Records from a dataset:
◇ ◇ ◇ ◇ ◇ ◇ ◇
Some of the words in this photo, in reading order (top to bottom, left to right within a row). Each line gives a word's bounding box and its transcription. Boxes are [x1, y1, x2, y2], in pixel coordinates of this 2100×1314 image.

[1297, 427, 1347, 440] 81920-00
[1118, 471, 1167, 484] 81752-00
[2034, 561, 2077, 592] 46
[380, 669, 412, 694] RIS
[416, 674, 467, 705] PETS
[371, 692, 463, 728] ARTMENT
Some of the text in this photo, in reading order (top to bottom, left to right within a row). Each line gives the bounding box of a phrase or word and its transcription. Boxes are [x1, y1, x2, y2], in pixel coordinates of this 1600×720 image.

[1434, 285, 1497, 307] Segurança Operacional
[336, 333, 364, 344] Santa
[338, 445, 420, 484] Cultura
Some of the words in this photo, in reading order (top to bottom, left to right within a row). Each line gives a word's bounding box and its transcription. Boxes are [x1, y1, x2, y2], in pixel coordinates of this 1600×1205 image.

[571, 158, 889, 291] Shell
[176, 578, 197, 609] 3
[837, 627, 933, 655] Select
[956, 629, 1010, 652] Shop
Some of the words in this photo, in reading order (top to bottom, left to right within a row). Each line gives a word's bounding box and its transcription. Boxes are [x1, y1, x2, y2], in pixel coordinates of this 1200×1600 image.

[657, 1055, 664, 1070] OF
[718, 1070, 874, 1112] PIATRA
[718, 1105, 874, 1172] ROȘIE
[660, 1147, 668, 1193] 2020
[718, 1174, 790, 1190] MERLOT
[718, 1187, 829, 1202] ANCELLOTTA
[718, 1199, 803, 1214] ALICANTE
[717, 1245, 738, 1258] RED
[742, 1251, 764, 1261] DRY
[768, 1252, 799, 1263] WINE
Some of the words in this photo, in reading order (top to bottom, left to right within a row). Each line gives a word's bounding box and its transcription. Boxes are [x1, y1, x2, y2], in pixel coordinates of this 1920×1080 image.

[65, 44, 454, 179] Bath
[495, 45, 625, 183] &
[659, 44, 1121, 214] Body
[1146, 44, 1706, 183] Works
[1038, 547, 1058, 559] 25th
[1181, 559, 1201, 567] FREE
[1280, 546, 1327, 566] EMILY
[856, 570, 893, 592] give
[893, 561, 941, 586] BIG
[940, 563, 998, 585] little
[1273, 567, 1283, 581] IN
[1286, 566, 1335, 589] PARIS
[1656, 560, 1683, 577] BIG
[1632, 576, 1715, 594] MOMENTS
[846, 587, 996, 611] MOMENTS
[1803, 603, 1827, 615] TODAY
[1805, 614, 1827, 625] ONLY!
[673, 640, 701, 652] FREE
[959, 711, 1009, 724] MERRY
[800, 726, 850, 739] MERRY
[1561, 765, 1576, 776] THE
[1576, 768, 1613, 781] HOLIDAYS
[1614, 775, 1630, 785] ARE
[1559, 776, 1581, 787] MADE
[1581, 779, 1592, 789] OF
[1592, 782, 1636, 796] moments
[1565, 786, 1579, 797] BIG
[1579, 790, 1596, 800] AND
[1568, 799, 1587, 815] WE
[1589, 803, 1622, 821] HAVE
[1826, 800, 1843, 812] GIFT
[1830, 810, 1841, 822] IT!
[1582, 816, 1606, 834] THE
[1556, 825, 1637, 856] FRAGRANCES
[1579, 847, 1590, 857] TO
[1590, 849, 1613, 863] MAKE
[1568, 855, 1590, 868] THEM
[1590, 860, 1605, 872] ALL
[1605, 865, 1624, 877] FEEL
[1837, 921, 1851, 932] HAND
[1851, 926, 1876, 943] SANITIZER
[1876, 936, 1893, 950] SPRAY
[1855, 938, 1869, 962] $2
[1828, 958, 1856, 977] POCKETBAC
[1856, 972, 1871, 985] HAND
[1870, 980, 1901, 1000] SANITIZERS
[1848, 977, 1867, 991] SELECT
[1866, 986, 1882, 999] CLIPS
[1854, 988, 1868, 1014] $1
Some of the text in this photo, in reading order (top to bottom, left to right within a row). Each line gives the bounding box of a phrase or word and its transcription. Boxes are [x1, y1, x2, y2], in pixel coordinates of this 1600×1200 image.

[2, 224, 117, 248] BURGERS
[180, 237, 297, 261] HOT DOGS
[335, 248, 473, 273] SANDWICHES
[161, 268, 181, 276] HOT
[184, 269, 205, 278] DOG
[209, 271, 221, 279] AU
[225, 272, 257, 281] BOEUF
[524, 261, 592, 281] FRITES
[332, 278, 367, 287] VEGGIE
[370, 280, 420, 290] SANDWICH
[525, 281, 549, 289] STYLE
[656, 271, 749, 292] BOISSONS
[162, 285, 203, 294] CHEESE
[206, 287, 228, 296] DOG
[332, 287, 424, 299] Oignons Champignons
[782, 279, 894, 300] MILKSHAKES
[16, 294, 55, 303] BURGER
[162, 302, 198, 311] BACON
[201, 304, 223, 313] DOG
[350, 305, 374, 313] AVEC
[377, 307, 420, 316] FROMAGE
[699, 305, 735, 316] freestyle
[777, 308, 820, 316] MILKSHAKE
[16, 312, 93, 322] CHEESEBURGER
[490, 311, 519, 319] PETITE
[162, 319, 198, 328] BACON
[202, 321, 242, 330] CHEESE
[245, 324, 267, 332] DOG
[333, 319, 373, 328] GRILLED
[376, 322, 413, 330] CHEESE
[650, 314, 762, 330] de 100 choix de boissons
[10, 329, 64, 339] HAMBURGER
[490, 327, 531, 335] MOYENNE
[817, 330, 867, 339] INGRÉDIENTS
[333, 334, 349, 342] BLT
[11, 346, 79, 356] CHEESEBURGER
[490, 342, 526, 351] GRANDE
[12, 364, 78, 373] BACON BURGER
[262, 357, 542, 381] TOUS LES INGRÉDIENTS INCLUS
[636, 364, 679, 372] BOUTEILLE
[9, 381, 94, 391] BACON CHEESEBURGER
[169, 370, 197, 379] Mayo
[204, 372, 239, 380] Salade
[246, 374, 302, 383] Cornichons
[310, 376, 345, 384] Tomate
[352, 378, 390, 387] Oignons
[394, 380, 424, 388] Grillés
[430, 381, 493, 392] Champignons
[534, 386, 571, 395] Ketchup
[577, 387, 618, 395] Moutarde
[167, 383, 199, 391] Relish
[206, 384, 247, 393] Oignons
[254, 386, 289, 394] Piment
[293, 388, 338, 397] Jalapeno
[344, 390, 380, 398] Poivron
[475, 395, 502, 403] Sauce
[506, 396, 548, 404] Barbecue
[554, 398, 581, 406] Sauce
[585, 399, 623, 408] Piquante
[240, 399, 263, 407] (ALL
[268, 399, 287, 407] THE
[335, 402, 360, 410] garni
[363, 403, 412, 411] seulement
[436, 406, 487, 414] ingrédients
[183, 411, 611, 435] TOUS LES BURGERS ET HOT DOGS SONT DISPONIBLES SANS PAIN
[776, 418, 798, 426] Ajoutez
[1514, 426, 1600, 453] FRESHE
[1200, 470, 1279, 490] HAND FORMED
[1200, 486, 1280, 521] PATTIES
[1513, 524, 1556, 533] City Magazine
◇ ◇ ◇ ◇ ◇ ◇ ◇
Copy the entries above exactly, leaving none out.

Some of the words in this photo, in reading order (top to bottom, left to right within a row). Each line gives a word's bounding box and its transcription. Boxes are [x1, y1, x2, y2], in pixel coordinates of this 2100×1314 image.

[1297, 427, 1347, 440] 81920-00
[1118, 471, 1167, 484] 81752-00
[2034, 561, 2077, 592] 46
[380, 669, 412, 694] RIS
[416, 674, 467, 705] PETS
[371, 692, 463, 728] ARTMENT
Some of the text in this photo, in reading order (top to bottom, left to right within a row). Each line gives the bounding box of a phrase or word and its transcription. Boxes are [x1, y1, x2, y2], in pixel coordinates of this 1600×720 image.

[1434, 285, 1497, 307] Segurança Operacional
[336, 333, 364, 344] Santa
[338, 445, 420, 484] Cultura
Some of the words in this photo, in reading order (top to bottom, left to right within a row). Each line gives a word's bounding box and its transcription. Boxes are [x1, y1, x2, y2], in pixel coordinates of this 1600×1205 image.

[571, 158, 889, 291] Shell
[176, 578, 197, 609] 3
[837, 627, 933, 655] Select
[956, 629, 1010, 652] Shop
Some of the words in this photo, in reading order (top to bottom, left to right within a row). Each line gives a word's bounding box and its transcription. Boxes are [x1, y1, x2, y2], in pixel coordinates of this 1200×1600 image.

[657, 1055, 664, 1070] OF
[718, 1070, 874, 1112] PIATRA
[718, 1105, 874, 1172] ROȘIE
[660, 1147, 668, 1193] 2020
[718, 1174, 790, 1190] MERLOT
[718, 1187, 829, 1202] ANCELLOTTA
[718, 1199, 803, 1214] ALICANTE
[717, 1245, 738, 1258] RED
[742, 1251, 764, 1261] DRY
[768, 1252, 799, 1263] WINE
Some of the words in this photo, in reading order (top to bottom, left to right within a row). Each line gives a word's bounding box and its transcription. Boxes are [x1, y1, x2, y2], in pixel coordinates of this 1920×1080 image.

[65, 44, 454, 179] Bath
[495, 45, 625, 183] &
[659, 44, 1121, 214] Body
[1146, 44, 1706, 183] Works
[1038, 547, 1058, 559] 25th
[1181, 559, 1201, 567] FREE
[1280, 546, 1327, 566] EMILY
[856, 570, 893, 592] give
[893, 561, 941, 586] BIG
[940, 563, 998, 585] little
[1273, 567, 1283, 581] IN
[1286, 566, 1335, 589] PARIS
[1656, 560, 1683, 577] BIG
[1632, 576, 1715, 594] MOMENTS
[846, 587, 996, 611] MOMENTS
[1803, 603, 1827, 615] TODAY
[1805, 614, 1827, 625] ONLY!
[673, 640, 701, 652] FREE
[959, 711, 1009, 724] MERRY
[800, 726, 850, 739] MERRY
[1561, 765, 1576, 776] THE
[1576, 768, 1613, 781] HOLIDAYS
[1614, 775, 1630, 785] ARE
[1559, 776, 1581, 787] MADE
[1581, 779, 1592, 789] OF
[1592, 782, 1636, 796] moments
[1565, 786, 1579, 797] BIG
[1579, 790, 1596, 800] AND
[1568, 799, 1587, 815] WE
[1589, 803, 1622, 821] HAVE
[1826, 800, 1843, 812] GIFT
[1830, 810, 1841, 822] IT!
[1582, 816, 1606, 834] THE
[1556, 825, 1637, 856] FRAGRANCES
[1579, 847, 1590, 857] TO
[1590, 849, 1613, 863] MAKE
[1568, 855, 1590, 868] THEM
[1590, 860, 1605, 872] ALL
[1605, 865, 1624, 877] FEEL
[1837, 921, 1851, 932] HAND
[1851, 926, 1876, 943] SANITIZER
[1876, 936, 1893, 950] SPRAY
[1855, 938, 1869, 962] $2
[1828, 958, 1856, 977] POCKETBAC
[1856, 972, 1871, 985] HAND
[1870, 980, 1901, 1000] SANITIZERS
[1848, 977, 1867, 991] SELECT
[1866, 986, 1882, 999] CLIPS
[1854, 988, 1868, 1014] $1
Some of the text in this photo, in reading order (top to bottom, left to right within a row). Each line gives the bounding box of a phrase or word and its transcription. Boxes are [x1, y1, x2, y2], in pixel coordinates of this 1600×1200 image.

[2, 224, 117, 248] BURGERS
[180, 237, 297, 261] HOT DOGS
[335, 248, 473, 273] SANDWICHES
[161, 268, 181, 276] HOT
[184, 269, 205, 278] DOG
[209, 271, 221, 279] AU
[225, 272, 257, 281] BOEUF
[524, 261, 592, 281] FRITES
[332, 278, 367, 287] VEGGIE
[370, 280, 420, 290] SANDWICH
[525, 281, 549, 289] STYLE
[656, 271, 749, 292] BOISSONS
[162, 285, 203, 294] CHEESE
[206, 287, 228, 296] DOG
[332, 287, 424, 299] Oignons Champignons
[782, 279, 894, 300] MILKSHAKES
[16, 294, 55, 303] BURGER
[162, 302, 198, 311] BACON
[201, 304, 223, 313] DOG
[350, 305, 374, 313] AVEC
[377, 307, 420, 316] FROMAGE
[699, 305, 735, 316] freestyle
[777, 308, 820, 316] MILKSHAKE
[16, 312, 93, 322] CHEESEBURGER
[490, 311, 519, 319] PETITE
[162, 319, 198, 328] BACON
[202, 321, 242, 330] CHEESE
[245, 324, 267, 332] DOG
[333, 319, 373, 328] GRILLED
[376, 322, 413, 330] CHEESE
[650, 314, 762, 330] de 100 choix de boissons
[10, 329, 64, 339] HAMBURGER
[490, 327, 531, 335] MOYENNE
[817, 330, 867, 339] INGRÉDIENTS
[333, 334, 349, 342] BLT
[11, 346, 79, 356] CHEESEBURGER
[490, 342, 526, 351] GRANDE
[12, 364, 78, 373] BACON BURGER
[262, 357, 542, 381] TOUS LES INGRÉDIENTS INCLUS
[636, 364, 679, 372] BOUTEILLE
[9, 381, 94, 391] BACON CHEESEBURGER
[169, 370, 197, 379] Mayo
[204, 372, 239, 380] Salade
[246, 374, 302, 383] Cornichons
[310, 376, 345, 384] Tomate
[352, 378, 390, 387] Oignons
[394, 380, 424, 388] Grillés
[430, 381, 493, 392] Champignons
[534, 386, 571, 395] Ketchup
[577, 387, 618, 395] Moutarde
[167, 383, 199, 391] Relish
[206, 384, 247, 393] Oignons
[254, 386, 289, 394] Piment
[293, 388, 338, 397] Jalapeno
[344, 390, 380, 398] Poivron
[475, 395, 502, 403] Sauce
[506, 396, 548, 404] Barbecue
[554, 398, 581, 406] Sauce
[585, 399, 623, 408] Piquante
[240, 399, 263, 407] (ALL
[268, 399, 287, 407] THE
[335, 402, 360, 410] garni
[363, 403, 412, 411] seulement
[436, 406, 487, 414] ingrédients
[183, 411, 611, 435] TOUS LES BURGERS ET HOT DOGS SONT DISPONIBLES SANS PAIN
[776, 418, 798, 426] Ajoutez
[1514, 426, 1600, 453] FRESHE
[1200, 470, 1279, 490] HAND FORMED
[1200, 486, 1280, 521] PATTIES
[1513, 524, 1556, 533] City Magazine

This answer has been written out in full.